Over 10 years ago Larry Bossidy, former CEO of Honeywell, and Ram Charan, an academic and consultant, wrote the book Execution, The Discipline of Getting Things Done. As a student of strategy, I read it quickly.
One thing kept gnawing at me, though, that still gnaws at me today. Get what done?
In November, Rosabeth Moss Kantor, a professor at Harvard Business School wrote an article in Harvard Business Review titled Smart Leaders Focus on Execution First and Strategy Second. The corollary being that stupid leaders focus on strategy first.
She ends the article with this bromide: "In short, encourage innovation, begin with execution, and name the strategy later."
To which I say: bullshit!
In fact, if HBR bothered to search their own site, they would read a well thought out article called The Execution Trap. Perhaps the author, Roger Martin, a former University of Toronto professor and Dr. Kantor could battle it out in an educator's cage match.

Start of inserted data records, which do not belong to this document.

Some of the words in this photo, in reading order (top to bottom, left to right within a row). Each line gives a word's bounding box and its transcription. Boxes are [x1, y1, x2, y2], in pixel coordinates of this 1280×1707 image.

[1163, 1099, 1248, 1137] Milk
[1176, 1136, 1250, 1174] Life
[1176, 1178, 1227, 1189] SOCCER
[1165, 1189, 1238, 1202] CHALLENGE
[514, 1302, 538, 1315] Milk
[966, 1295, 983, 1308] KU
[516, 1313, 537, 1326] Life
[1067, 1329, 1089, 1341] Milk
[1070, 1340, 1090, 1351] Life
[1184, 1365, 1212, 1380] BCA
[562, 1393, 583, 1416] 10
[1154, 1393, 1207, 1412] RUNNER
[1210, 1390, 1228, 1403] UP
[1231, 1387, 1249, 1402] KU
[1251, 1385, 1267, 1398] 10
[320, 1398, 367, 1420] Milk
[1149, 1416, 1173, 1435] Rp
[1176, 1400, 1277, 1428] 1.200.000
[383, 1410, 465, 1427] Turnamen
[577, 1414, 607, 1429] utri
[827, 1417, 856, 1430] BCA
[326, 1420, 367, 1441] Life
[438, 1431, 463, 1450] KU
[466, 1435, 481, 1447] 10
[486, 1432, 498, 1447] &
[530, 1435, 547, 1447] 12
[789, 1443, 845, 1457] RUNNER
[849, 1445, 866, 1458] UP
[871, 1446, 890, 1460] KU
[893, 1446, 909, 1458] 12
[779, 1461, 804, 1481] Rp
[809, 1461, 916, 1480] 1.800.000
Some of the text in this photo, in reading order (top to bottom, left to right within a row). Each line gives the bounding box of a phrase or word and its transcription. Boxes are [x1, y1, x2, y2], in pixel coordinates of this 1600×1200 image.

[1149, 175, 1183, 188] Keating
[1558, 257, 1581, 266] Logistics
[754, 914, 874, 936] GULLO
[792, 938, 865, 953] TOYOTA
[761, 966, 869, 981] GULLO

Let me tell you a true story of a recent soccer injury to my daughter. She was diagnosed by the team doctor with one condition, and the team trainers put together a program to reduce her pain during and after games. Their treatment did not work.
After the season, she went to our family practitioner. More tests. The result was a different diagnosis. She had been misdiagnosed by the team physician. No matter how well my daughter and the trainers executed on the treatment plan, they were treating the wrong ailment.

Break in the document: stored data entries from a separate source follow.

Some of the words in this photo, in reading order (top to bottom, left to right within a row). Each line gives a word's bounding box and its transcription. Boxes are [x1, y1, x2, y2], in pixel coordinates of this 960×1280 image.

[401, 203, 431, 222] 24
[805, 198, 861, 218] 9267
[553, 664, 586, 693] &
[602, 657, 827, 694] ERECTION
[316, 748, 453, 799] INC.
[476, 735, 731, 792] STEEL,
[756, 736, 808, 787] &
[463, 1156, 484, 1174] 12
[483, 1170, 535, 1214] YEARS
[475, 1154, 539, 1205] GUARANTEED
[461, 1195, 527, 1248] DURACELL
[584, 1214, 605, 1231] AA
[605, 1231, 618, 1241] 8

Reminds me of Bain & Co.'s Michael Mankins quote:
"If you have a bad strategy, no amount of good execution will help."
When you get in your car in the morning to travel to a place where you do not know how to get there, what do you do? Punch in the address on your GPS, and build your route to that destination from your garage. Not so if you don't think the destination matters. So long as you execute turns, navigate traffic, and follow signs extremely well. No matter where you end up, it matters only if you drove there well. C'mon.
In more practical terms, if a bank's head of branches is building development plans for branch managers, they make choices. For example, should branch managers have small business banking in their curriculum, or retail wealth management? One would think that they would turn to their strategy to make the decision. If the bank's strategy is to be the top business bank in the markets where they have branches, the answer is clear. But without strategy, either can be correct, so long as the branch manager does well.

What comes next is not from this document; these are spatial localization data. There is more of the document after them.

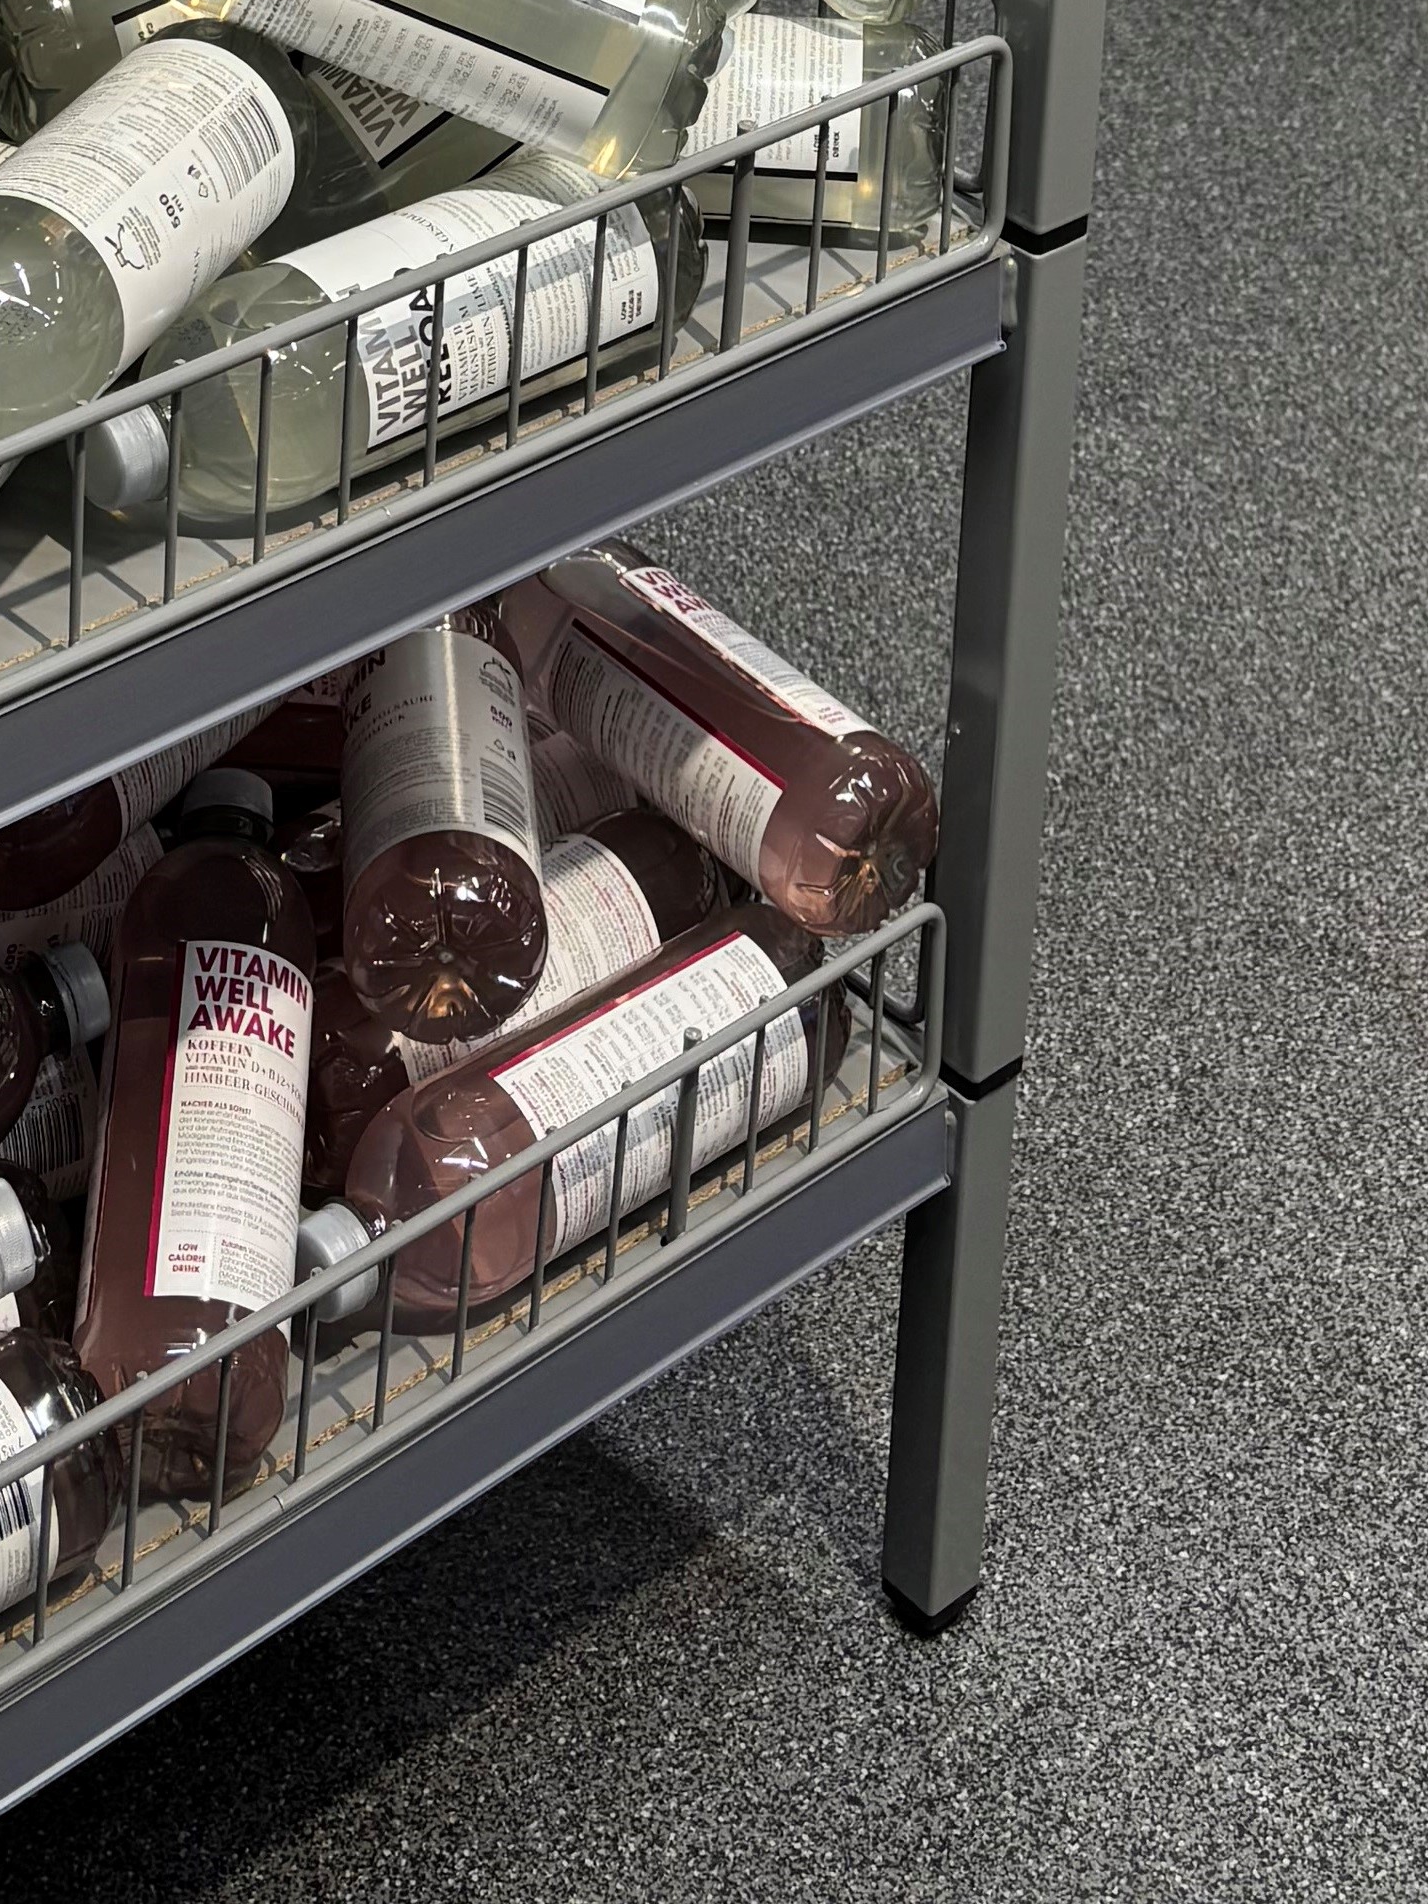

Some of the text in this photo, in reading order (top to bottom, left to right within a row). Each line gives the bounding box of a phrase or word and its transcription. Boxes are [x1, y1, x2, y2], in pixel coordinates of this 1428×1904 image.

[194, 975, 274, 1015] WELL
[195, 946, 308, 1014] VITAMIN
[187, 1003, 297, 1060] AWAKE
[187, 1038, 253, 1058] KOFFEIN
[185, 1052, 246, 1071] VITAMIN

There are areas of Dr. Kantor's article in which I agree with her. For example, "we found the perfect strategy" is a statement that has the credibility of "and they lived happily ever after". Chasing the perfect strategy is a fools game.
Chasing no strategy is the same, in my opinion. However, once a strategic direction is struck, the bank should build flexible processes to allow for alterations of course based on customer preferences, markets, and team capabilities.
In fact, I agree with Dr. Kantor's four implementation imperatives:
1. Question everything
2. Inform everyone, then empower champions
3. Keep relationships tight, and rules loose
4. Modify quickly
All are execution imperatives. But without strategic direction, the zigging and zagging would waste resources to the point of ineffectiveness.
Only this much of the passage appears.